::: Supplied material
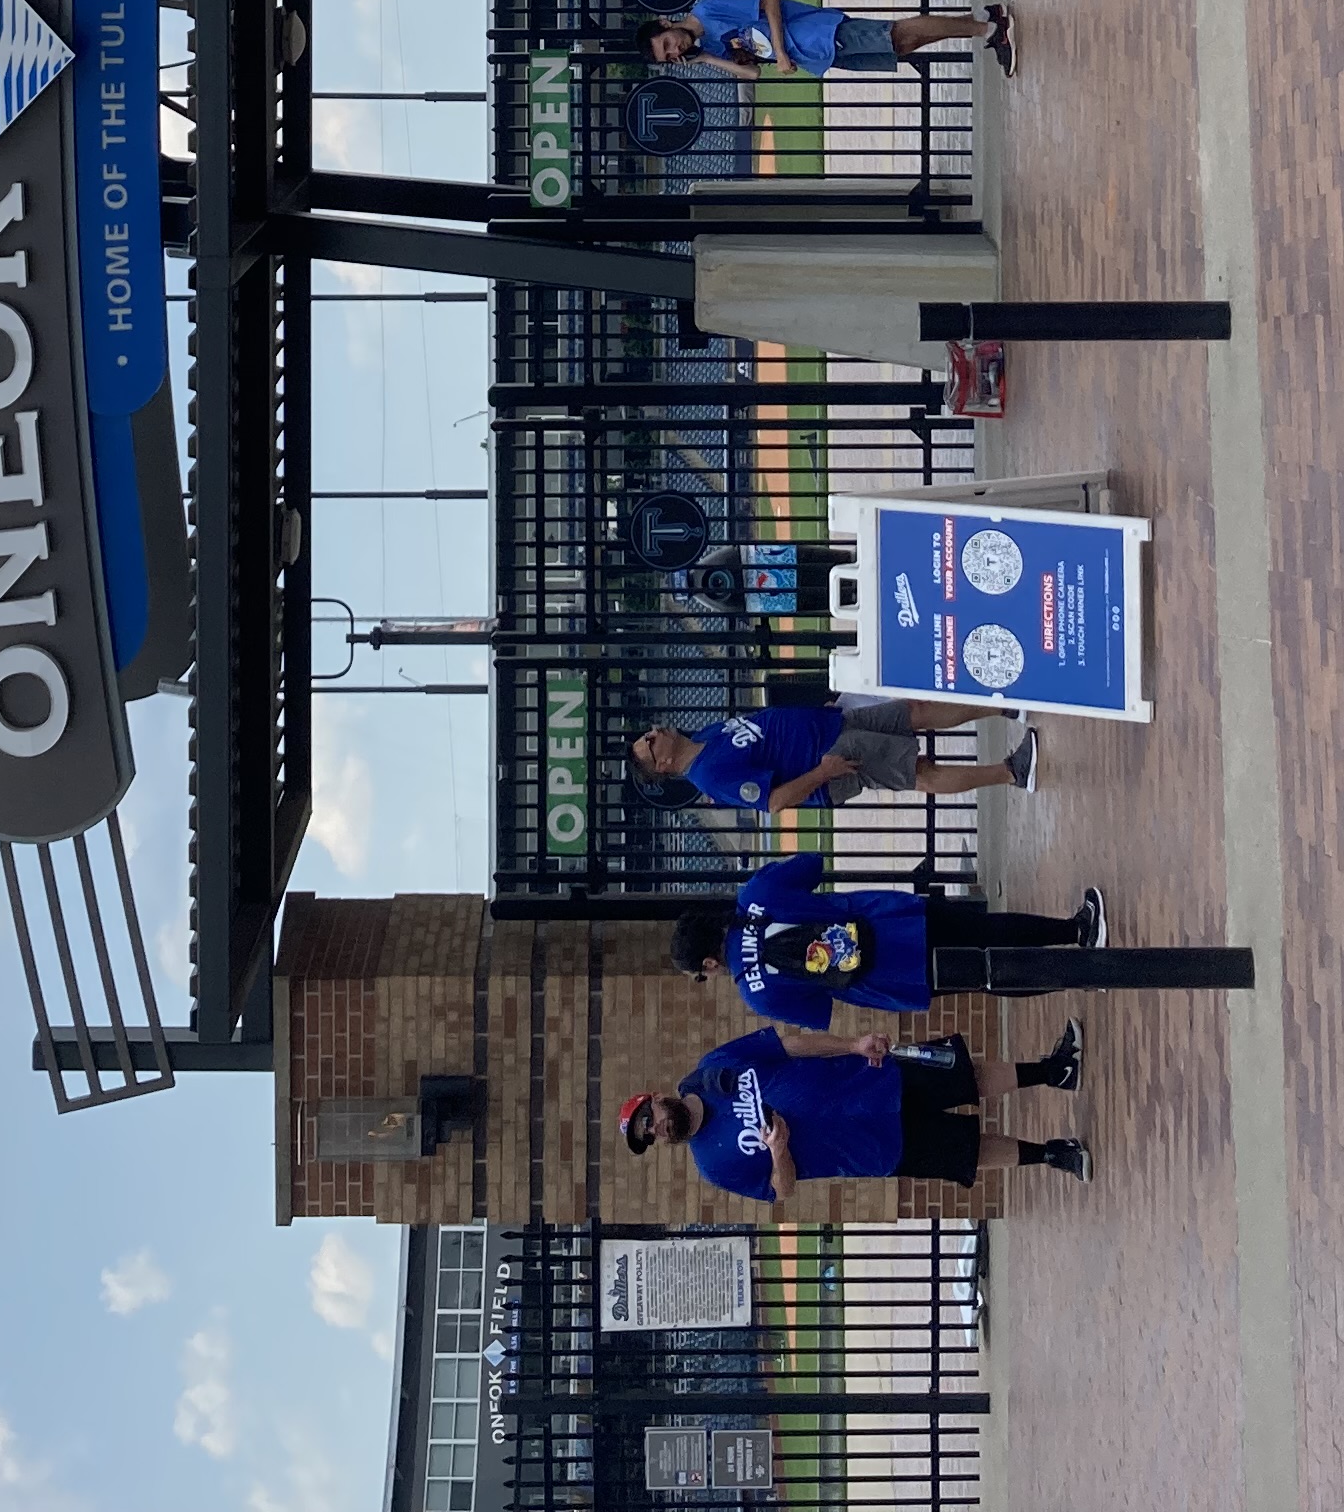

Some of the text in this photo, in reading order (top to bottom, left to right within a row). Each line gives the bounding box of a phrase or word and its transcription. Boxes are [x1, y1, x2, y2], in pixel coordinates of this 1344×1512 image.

[100, 82, 127, 149] THE
[532, 57, 569, 206] OPEN
[102, 162, 129, 209] OF
[103, 222, 133, 331] HOME
[933, 533, 941, 584] LOGIN TO
[945, 518, 953, 568] ACCOUNT
[894, 572, 919, 627] Drillers
[1044, 574, 1054, 650] DIRECTIONS
[934, 641, 942, 661] THE
[946, 616, 954, 657] ONLINE!
[935, 664, 943, 688] SKIP
[946, 658, 954, 680] BUY
[547, 691, 584, 842] OPEN
[733, 1068, 767, 1155] Drillers
[489, 1263, 510, 1334] FIELD
[609, 1254, 628, 1321] Drillers
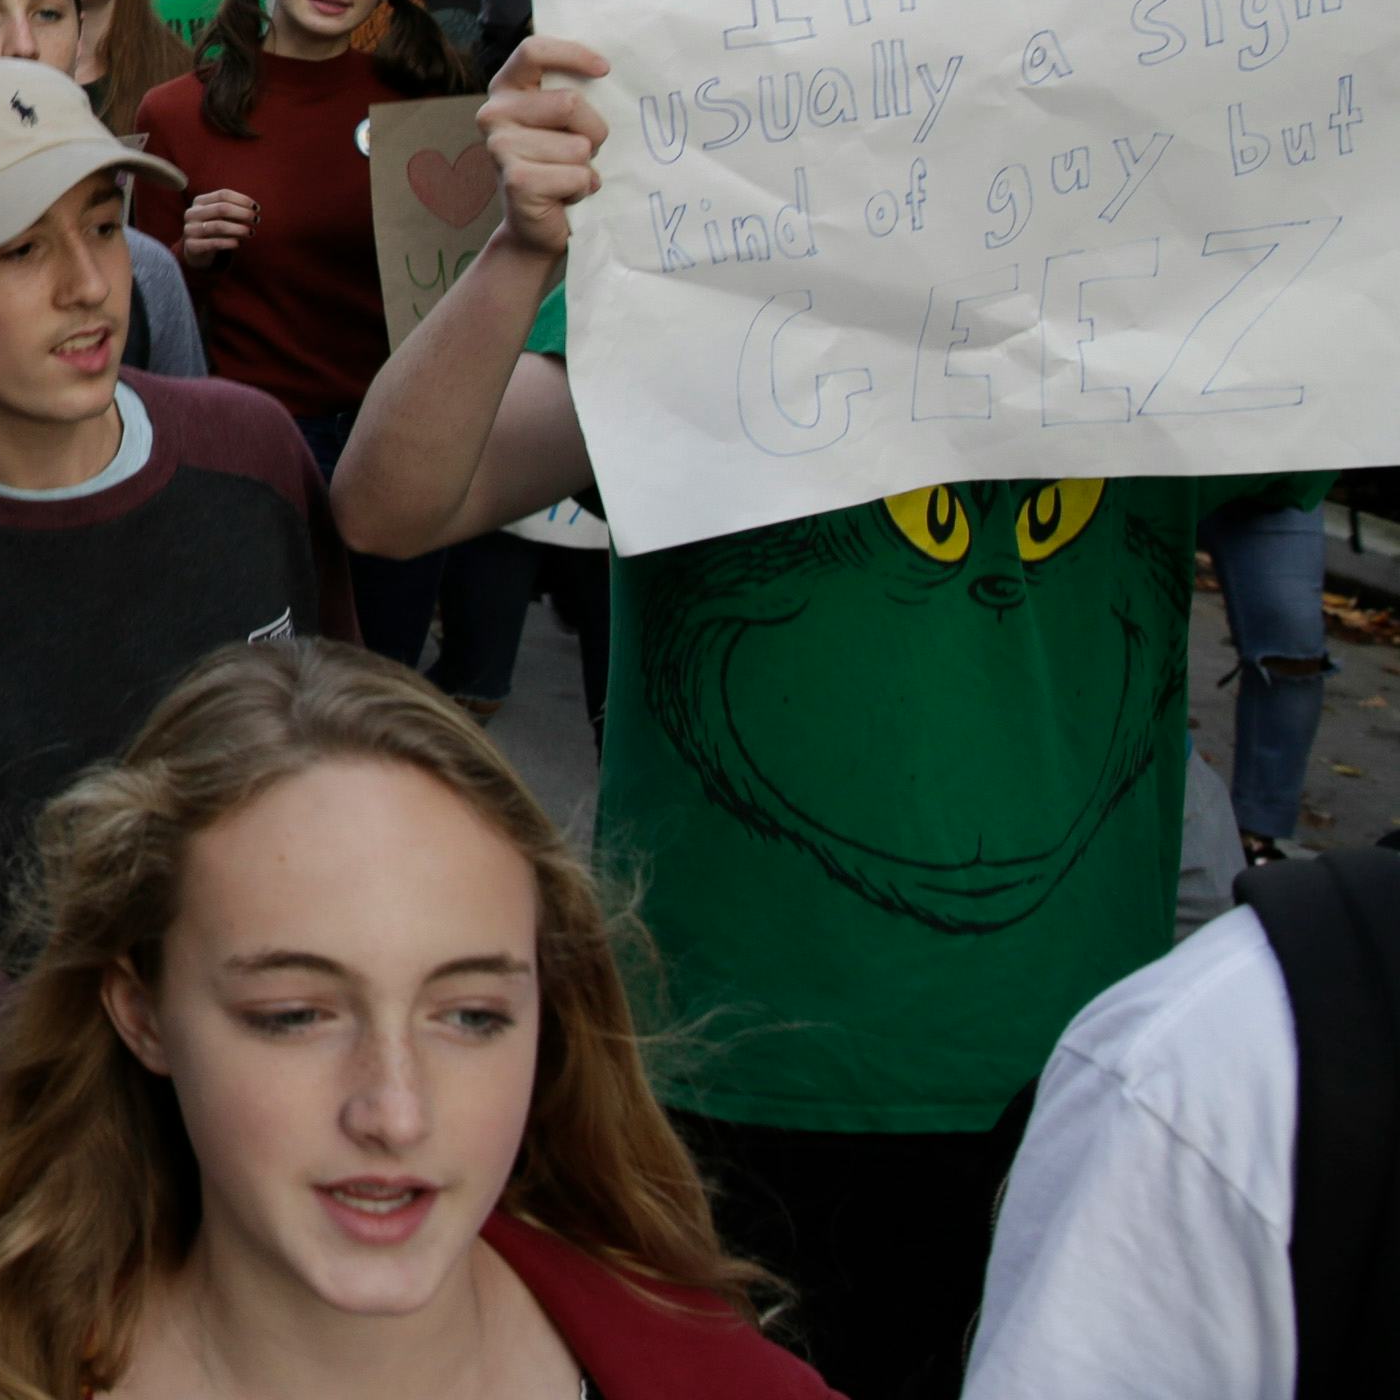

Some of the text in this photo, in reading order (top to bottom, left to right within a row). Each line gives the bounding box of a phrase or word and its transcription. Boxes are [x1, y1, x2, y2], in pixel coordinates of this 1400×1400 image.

[639, 38, 964, 165] usually
[1021, 29, 1074, 86] a
[864, 156, 928, 237] of
[985, 132, 1175, 249] guy
[1227, 73, 1364, 177] but
[736, 215, 1343, 457] GEEZ
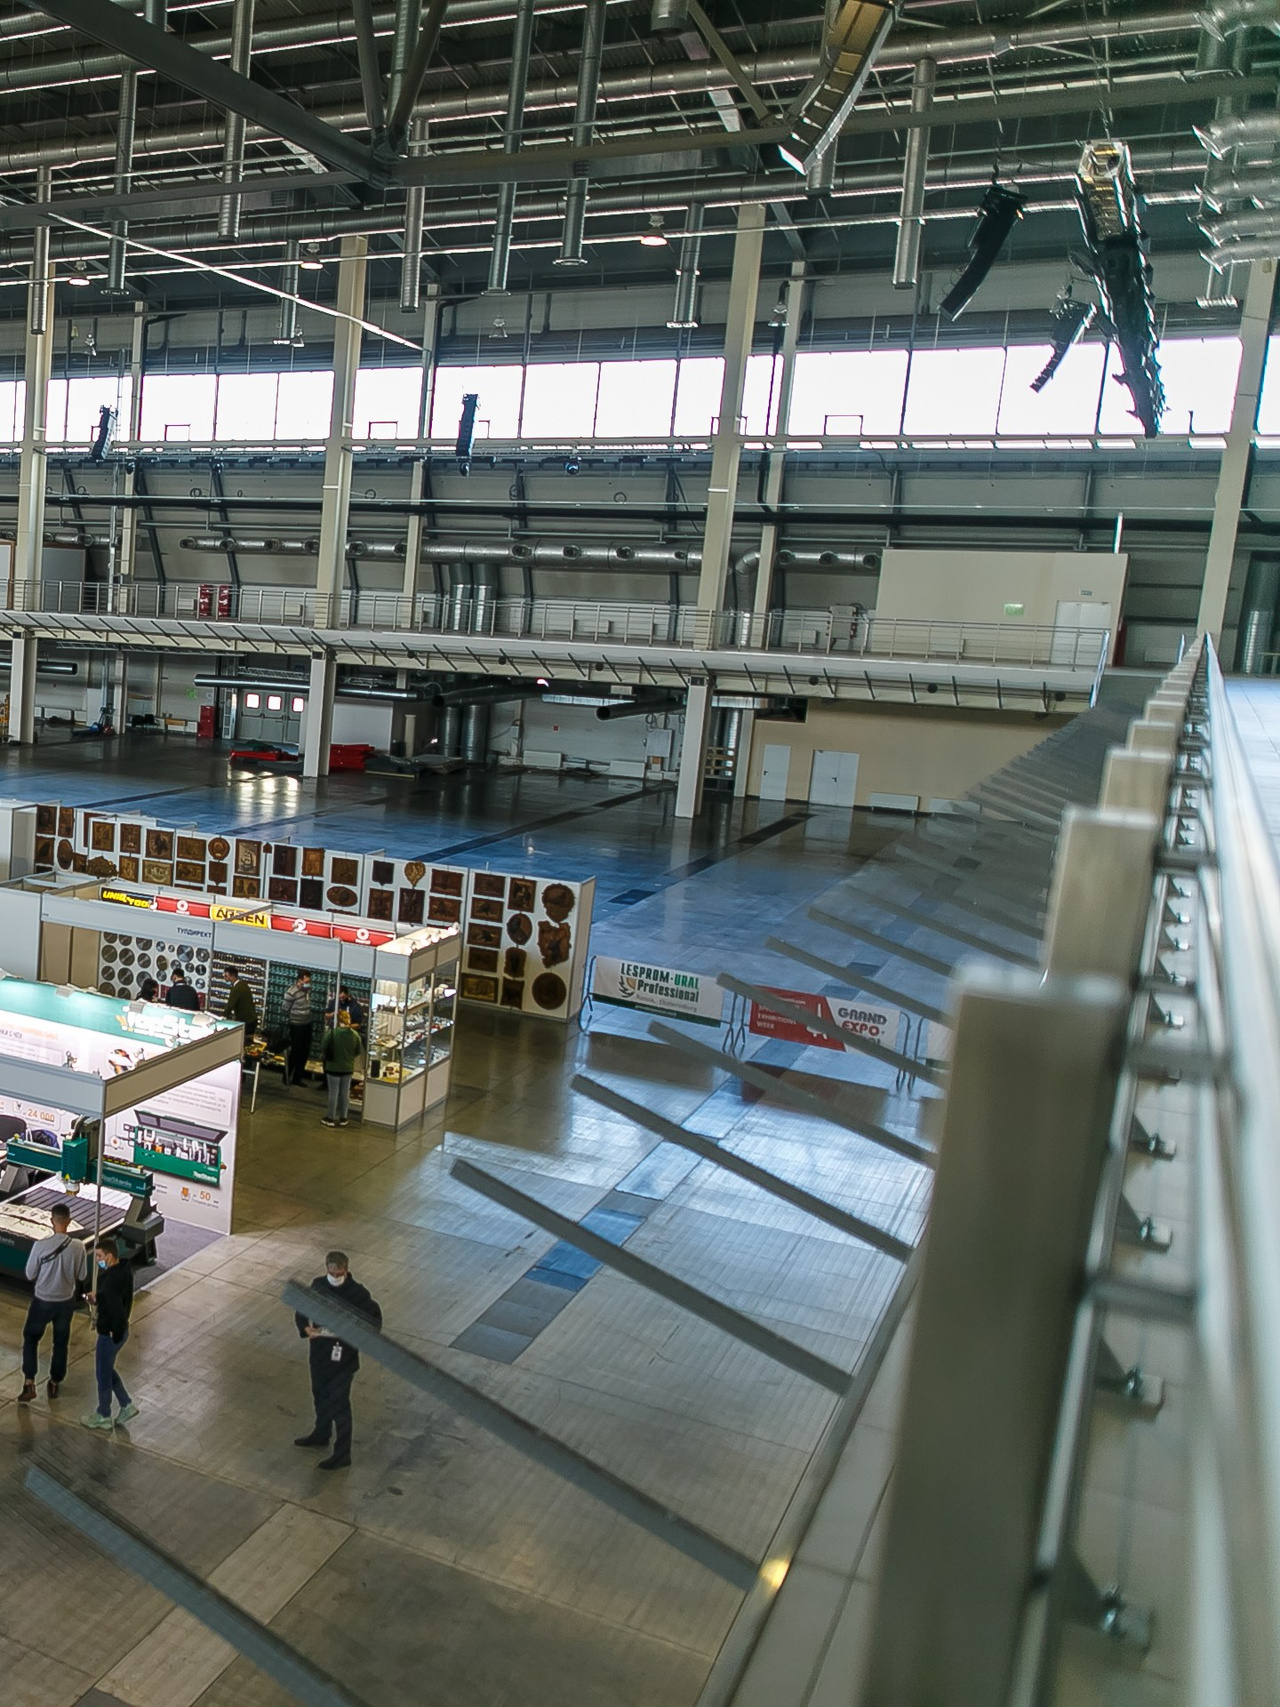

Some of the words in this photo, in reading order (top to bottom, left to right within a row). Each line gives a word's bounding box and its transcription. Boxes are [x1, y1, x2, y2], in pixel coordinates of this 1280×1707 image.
::::::
# How to complete this task:
What you return should be the full listing, unchanged, minus the pictures.

# Solution for this exercise:
Some of the text in this photo, in reading order (top to bottom, left to right within a row). Each line gives the bounding box of a phrase or word and its transcription. Boxes are [x1, y1, x2, y2], in pixel coordinates of this 1344×1512 image.

[100, 82, 127, 149] THE
[532, 57, 569, 206] OPEN
[102, 162, 129, 209] OF
[103, 222, 133, 331] HOME
[933, 533, 941, 584] LOGIN TO
[945, 518, 953, 568] ACCOUNT
[894, 572, 919, 627] Drillers
[1044, 574, 1054, 650] DIRECTIONS
[934, 641, 942, 661] THE
[946, 616, 954, 657] ONLINE!
[935, 664, 943, 688] SKIP
[946, 658, 954, 680] BUY
[547, 691, 584, 842] OPEN
[733, 1068, 767, 1155] Drillers
[489, 1263, 510, 1334] FIELD
[609, 1254, 628, 1321] Drillers

Some of the text in this photo, in reading order (top to bottom, left to right within a row). Each line gives the bounding box of a phrase or word and its transcription. Boxes are [x1, y1, x2, y2], in pixel coordinates of this 1400×1400 image.

[639, 38, 964, 165] usually
[1021, 29, 1074, 86] a
[864, 156, 928, 237] of
[985, 132, 1175, 249] guy
[1227, 73, 1364, 177] but
[736, 215, 1343, 457] GEEZ

Some of the words in this photo, in reading order (top to bottom, left to right within a row). Each line gives a word's bounding box and its transcription. Boxes are [x1, y1, x2, y2], in pixel coordinates of this 1280×1707 image.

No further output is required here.